Posted by: Philip Fitzpatrick | 07 November 2016 at 08:48 PM
Phil, your loss has reminded me of my own and Chips quote of Kipling has moved me to compose this poem.
Sonnet 22:
Some wise folks may like to imagine gods
By deep or towering philosophy
Whose blind faith remits, though fear has begot
Chasms of well-known wonder and misery.
The earth was subdued by science, our rod,
Old gods we beat and by reason defeat,
Mystic with logic, grand knowledge replete.
Yet our vacuums beg for meaning, poor sods!
But it was my fate to befriend a dog
A dumb beast taught me faith and loyalty
Then at the end, when I buried my friend
I thought about my own mortality.
Though once you have been a friend like a god
That is a kind of immortality.
Posted by: Michael Dom | 07 November 2016 at 01:49 PM
Phil, as the former custodian of a Cocker Spaniel called Sukey, I can only offer my heartfelt sympathy.
Sukey came into our lives when the kids were quite small and stayed with us for just short of 14 years.
The amount of joy she brought to our lives, and especially those of our children, was immeasurably greater than the rather formidable vet bills that we incurred keeping her healthy.
Her death was a very painful event for us all, with the kids feeling it most acutely.
Now, we have a grand-dog called Pepper, also a Cocker Spaniel, who appears to be in charge of our daughter's life.
Most dogs seem to be very acute observers of their humans and frequently become extremely adept at manipulating them to achieve a desired outcome, be it is food treat, some play time or just a cuddle.

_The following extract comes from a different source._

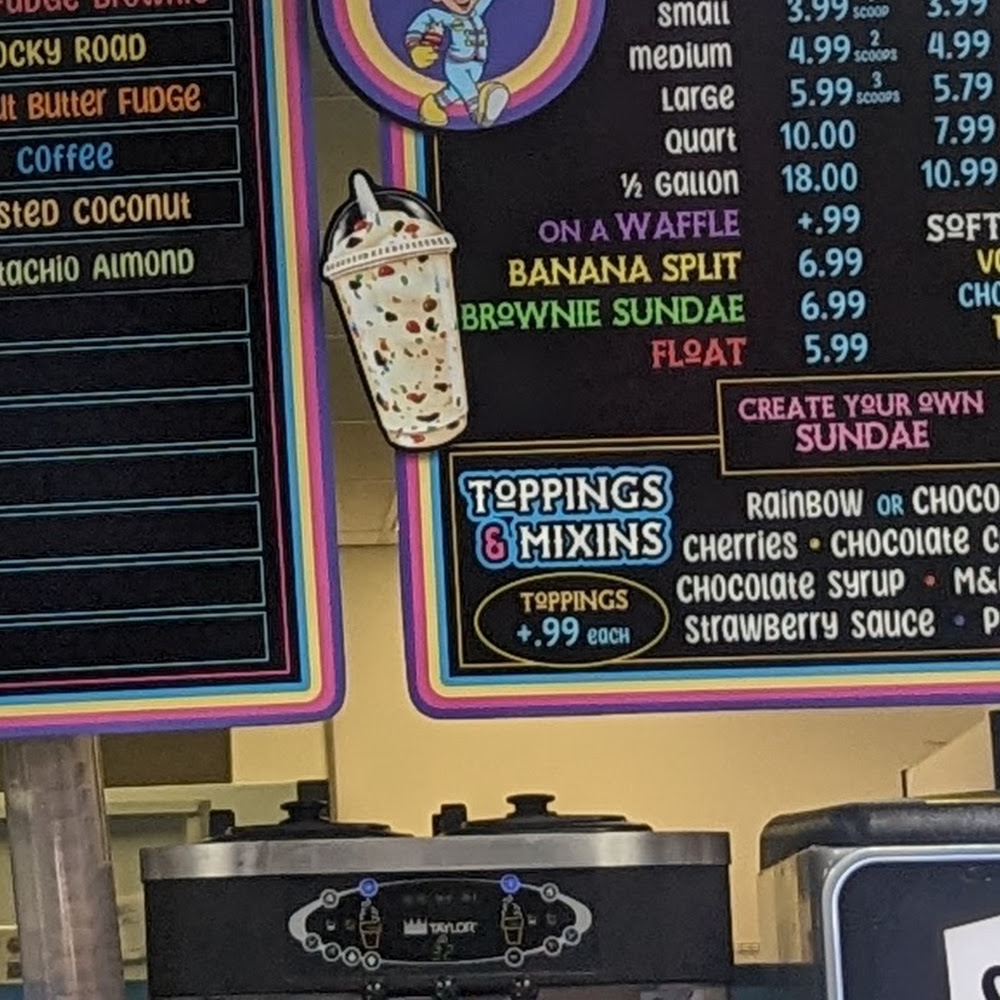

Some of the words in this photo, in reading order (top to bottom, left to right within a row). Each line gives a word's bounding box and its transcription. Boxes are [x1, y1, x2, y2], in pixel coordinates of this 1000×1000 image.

No doubt McGee had your measure but the payoff in terms of unconditional love and affection is definitely worth it.
Vale McGee, gone over the Rainbow Bridge.
Posted by: Chris Overland | 07 November 2016 at 01:35 PM
Yairs, it's a sad time when a canine beloved departs. Or in our case, Phil, when we left Moresby in December 1976 we had to leave behind old Theseus.
We'd inherited him from a going pinis accountant and his family so he was eight or nine when we got him.
Was a tick magnet being a cross-border collie/ blue heeler (we think) with a pretty long coat.
We had to leave him with a Moresby-based shyster and old Theseus turned out to be no good with kids.
But he lived to 12 years or so, a good four years less than our Bendigo Jack Russell, Biggles.
Now we didn't name either hound. Theseus we inherited - Biggles was named by the JR breeders. He was great with our kids and their cousins, but a bit of a 'barker' Bendigo neighbours informed us.
He was 16 when we buried him beneath a big orange tree in our (then) backyard, now built on as our 2015 downsizer.
Posted by: Richard E. Jones | 07 November 2016 at 12:57 PM
Sorry for your loss, Phil. But Kipling said:
There is sorrow enough in the natural way
For men and women to fill our day:
And when we are certain of sorrow in store,
Why would we always arrange for more?
When the fourteen years which nature permits
Are closing in asthma, or tumour or fits
And the vet's unspoken prescription runs
To lethal chambers or loaded guns,
Then you will find - it's your own affair,
But you've given your heart to a dog to tear.
[Rudyard Kipling, "The power of the dog."]
May your dog rest in peace, Phil.
Posted by: Chips Mackellar | 07 November 2016 at 11:23 AM
Phil, I am sorry for your loss.
Posted by: Michael Dom | 07 November 2016 at 08:20 AM
I gave the name 'Uncle' to the first dog I ever owned beginning when I started work with the NBC in Mt Hagen. It died of old age in Wabag. I got another and named it 'Uncle' in memory of the first.
But 'Uncle II' died young. I chained it on the open tray of the government car I was driving to Porgera. I left enough lengths of chain so it could easily move around in the back.
I hadn't seen it jump off to maybe relieve itself when I stopped at Kamas village for a few seconds. When I took off, I dragged my dog along the road for a couple of meters and it died later from the injuries sustained.
Uncle II was an alert dog and I missed it very much. Feeling like a murderer, I never owned another dog since.